DATA FOR THIS EXERCISE:
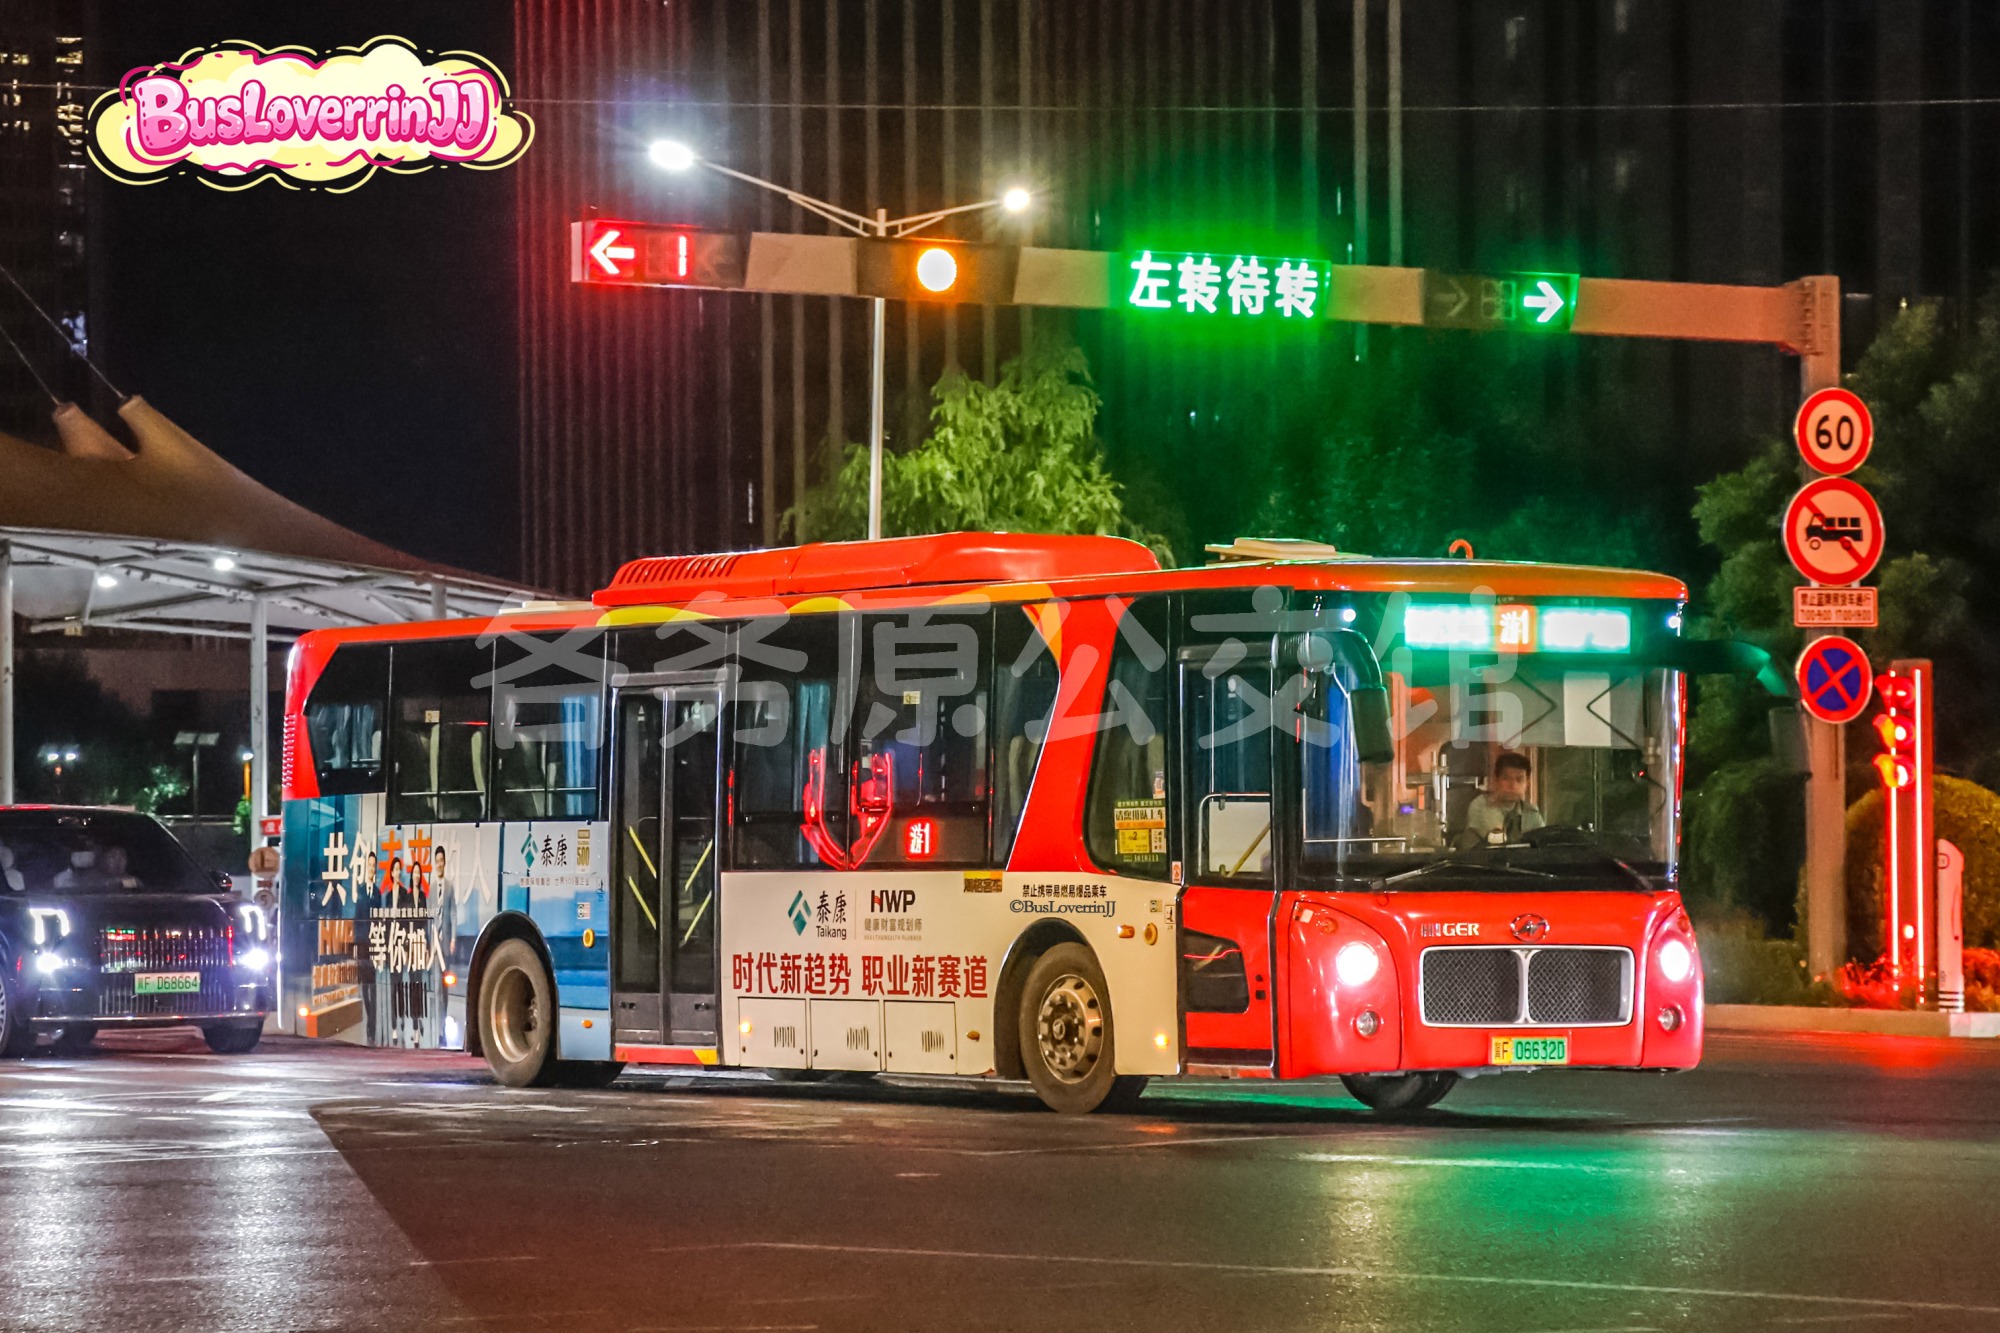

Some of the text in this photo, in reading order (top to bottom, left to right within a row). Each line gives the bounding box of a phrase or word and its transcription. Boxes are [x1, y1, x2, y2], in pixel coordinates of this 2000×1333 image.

[1129, 250, 1319, 319] 左转待转
[1815, 414, 1855, 451] 60
[541, 833, 568, 867] 泰康
[577, 846, 590, 866] 500
[870, 889, 916, 913] HWP
[1022, 884, 1107, 898] 禁止携带易燃易爆品乘车
[815, 890, 847, 924] 泰康
[816, 925, 847, 940] Taikang
[1421, 922, 1480, 937] HIGER
[368, 920, 446, 974] 等你加入
[157, 976, 198, 990] D68664
[732, 951, 988, 999] 时代新趋势 职业新赛道
[1515, 1041, 1565, 1060] 06632D
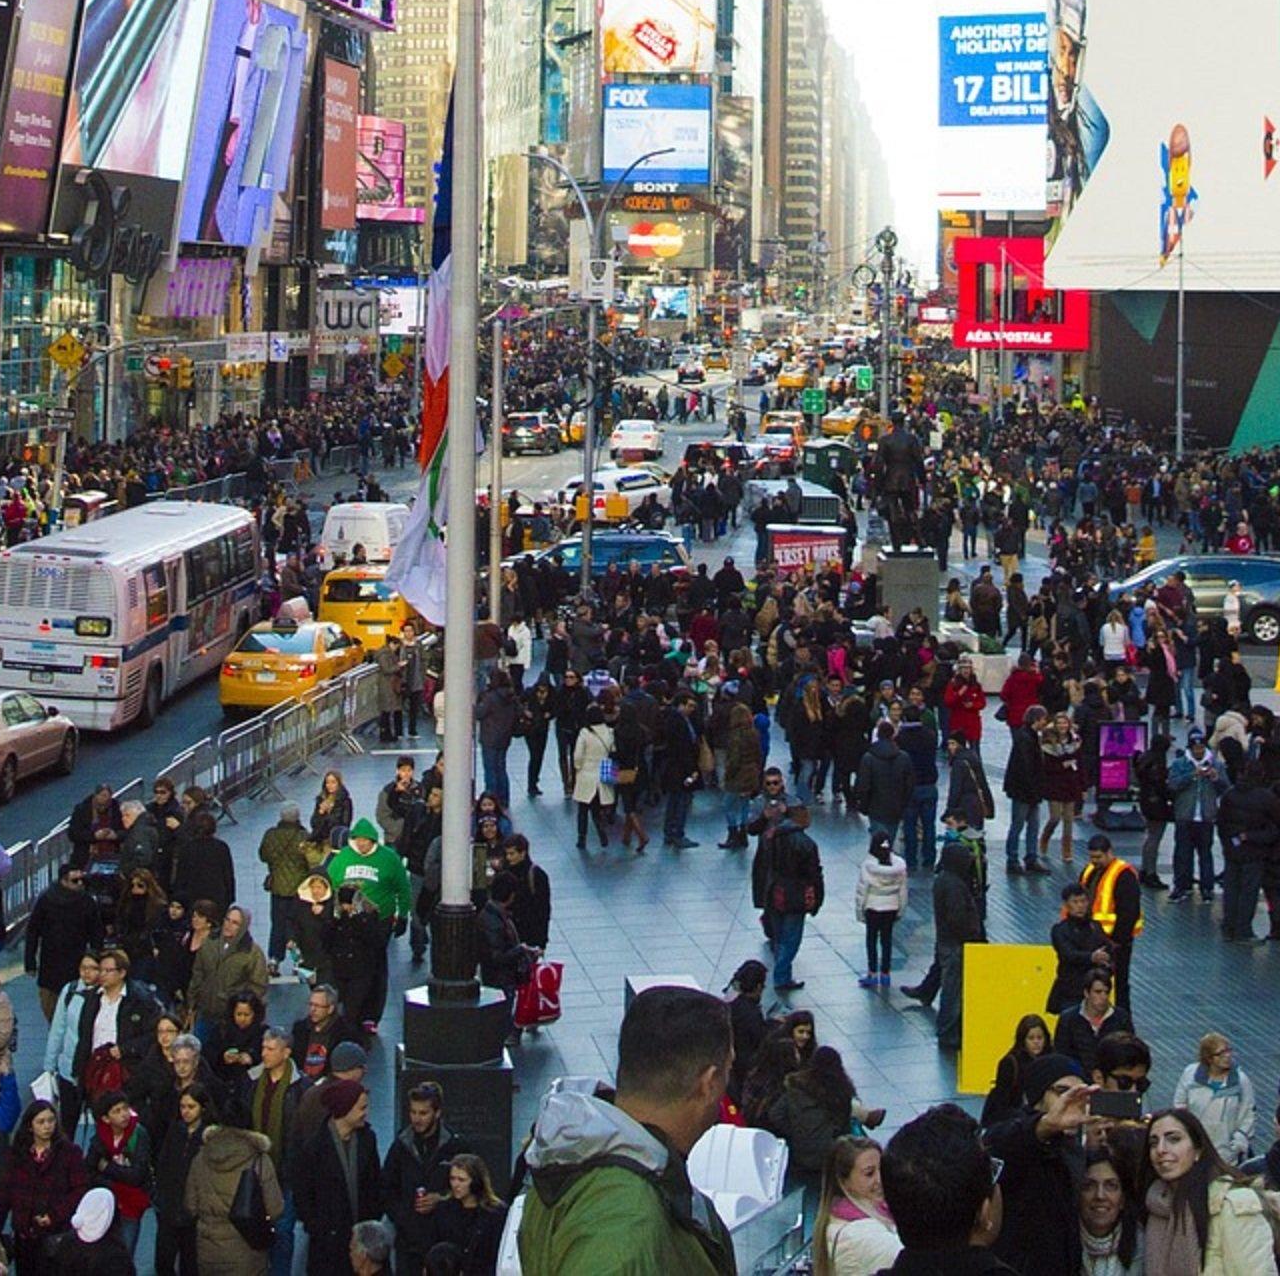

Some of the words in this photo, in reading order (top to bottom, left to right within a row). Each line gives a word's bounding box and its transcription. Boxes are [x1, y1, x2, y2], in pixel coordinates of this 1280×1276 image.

WORK INSTRUCTIONS:
Retype the listing exactly. Leave the pictures out.

WORKED SOLUTION:
Some of the text in this photo, in reading order (top to bottom, left to right within a row). Each line gives the bounding box of a phrase or word and its transcription. Boxes are [x1, y1, x2, y2], in pixel coordinates of this 2000×1333 image.

[1129, 250, 1319, 319] 左转待转
[1815, 414, 1855, 451] 60
[541, 833, 568, 867] 泰康
[577, 846, 590, 866] 500
[870, 889, 916, 913] HWP
[1022, 884, 1107, 898] 禁止携带易燃易爆品乘车
[815, 890, 847, 924] 泰康
[816, 925, 847, 940] Taikang
[1421, 922, 1480, 937] HIGER
[368, 920, 446, 974] 等你加入
[157, 976, 198, 990] D68664
[732, 951, 988, 999] 时代新趋势 职业新赛道
[1515, 1041, 1565, 1060] 06632D

Some of the words in this photo, in reading order (top to bottom, left to right within a row). Each line gives a word's bounding box and its transcription. Boxes are [x1, y1, x2, y2], in pixel coordinates of this 1280×1276 image.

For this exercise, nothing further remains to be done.